Esther Tellermann après nous avoir rappelé que la pulsion est la notion qui embrasse toute la psychanalyse puisque c’est son invention la plus centrale, met en avant qu’elle subvertit des siècles de clivage entre le corps et l’âme, pour au contraire affirmer qu’il y a interface entre le soma et la chaîne signifiante, la parole. Ainsi l’écriture poétique est-elle aussi événement corporel, souffle, respiration. Le texte d’un patient s’écoute comme celui d’un poème, à la lettre. Le poème peut faire effraction comme le surgissement des formations de l’inconscient, en déjouant le collage mortifère au sens et de ce fait, toute interprétation normative. Loin d’un langage de fioritures, décoratif et bavard, le poème véritable comme la parole authentique est lieu de trouvailles et d’inventions.

Dans le chapitre 5, « Catherine Millot, la logique de l’amour : une logique de l’altérité», Esther Tellermann entend explorer les abimes ordinaires qui font le fond commun du féminin comme de l’écriture. Toute œuvre s’y démontre comme appel dans la finitude et la solitude qui nous caractérise, au plus primaire, au plus ancien : amours infantiles, terreurs, pertes. S’y dévoile en chacun de nous la part étrangère et d’altérité, ce ne sont pas des synonymes. Créer interpelle ce qui relève du même registre que ce que mobilise le risque à dire, en osant construire sur les vestiges d’une tache aveugle, d’une radicale entame qui ne pourra jamais se résorber dans le Savoir. De ce lieu énigmatique, ne peut que surgir l’amour, comme au-delà de ce que la pulsion ne peut atteindre. Mais comme l’art et la psychanalyse le montrent parfois dramatiquement, l’amour ne fait pas Un, comme Lacan le rappelle dans sa note italienne, il peut être plus digne, s’affranchir un peu du narcissisme sans devoir se précipiter dans la néantisation mystique lorsque la visée court directement vers l’impossible. Alors à côté de l’amour que reste-t-il ? La vocation de l’écrivain est-elle donc d’aller jusqu’au sacrifice d’une vie en cette voie « d’abjection », comme l’analyste, qui tel un Saint, devrait apprendre à déchariter ? La force de cette communauté de questions entre art et analyse est ici frappante.
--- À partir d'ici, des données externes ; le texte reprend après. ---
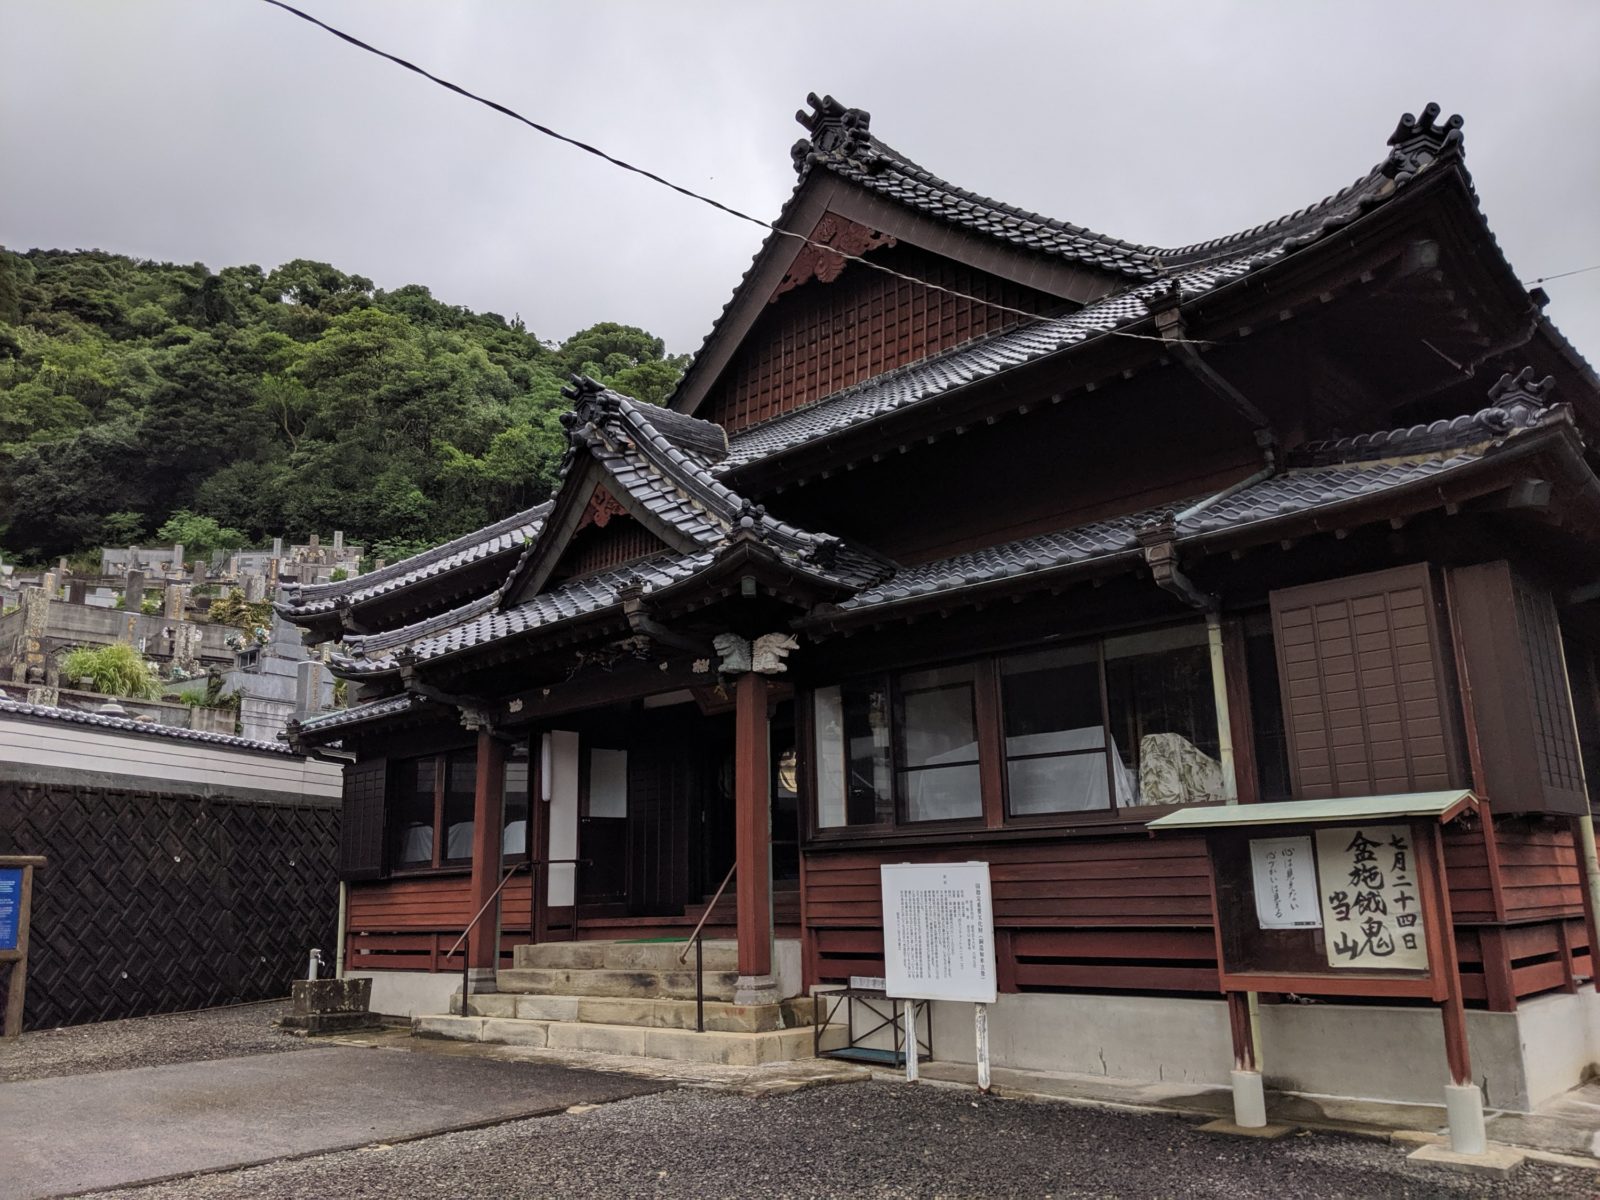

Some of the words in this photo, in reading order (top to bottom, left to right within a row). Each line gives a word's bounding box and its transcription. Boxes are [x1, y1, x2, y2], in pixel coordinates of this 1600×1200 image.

[1328, 891, 1359, 960] 当山
[1345, 830, 1396, 957] 盆施餓鬼
[1388, 834, 1418, 950] 七月二十四日
Le chapitre 6 est également décisif. Il radicalise les choses. « L’écriture littéraire : littérature ou lituraterre ?». Le fait littéraire est approché par Esther Tellermann, dans sa fonction de subversion de toute frontière, donc d’ouverture d’un littoral qui concerne le non rapport sexuel. Là où certains écrivains ont ancré cette position, s’opère également chez Lacan à partir de sa pratique de l’analyse, un passage de la littérature et du sublime qu’inévitablement elle charrie, à litturaterre, qui est une mutation de la conception de la lettre non plus identifiée à la lettre alphabétique. Mouvement de littera, vers litura, la rature, pour entériner une migration vers le Réel d’une trace illisible, imprononçable, rappelant l’équivoque de James Joyce : « a letter, a litter», d’une lettre à l’ordure. Ce déplacement ancre le rapport de la littérature au Réel, l’extrayant de l’Imaginaire spéculaire — le ressort des tensions entre personnages qui reposent sur le leurre de la relation aa », tout autant la fonction de représentation des caractères, la trame de fiction, etc — et l’imaginaire non spéculaire du sens. Un tel saut est fondamental, il détourne d’une certaine hégémonie du Un au profit de l’objet manquant qui organise la cause du désir. Esther Tellermann écrit : « Si la psychanalyse a à apprendre de la littérature, c’est donc à rester coite devant ce qui va devenir pratique de la lettre sans pour autant que cette pratique, nous semble-t-il, soit totalement détachée de l’objet voix — comme voix de l’Autre», rappelant également l’origine antique de la poésie déclamée. « La jouissance refoulée (…) dont une lettre serait la trace de ce qui fait trou dans le semblant, l’ordre des signifiants».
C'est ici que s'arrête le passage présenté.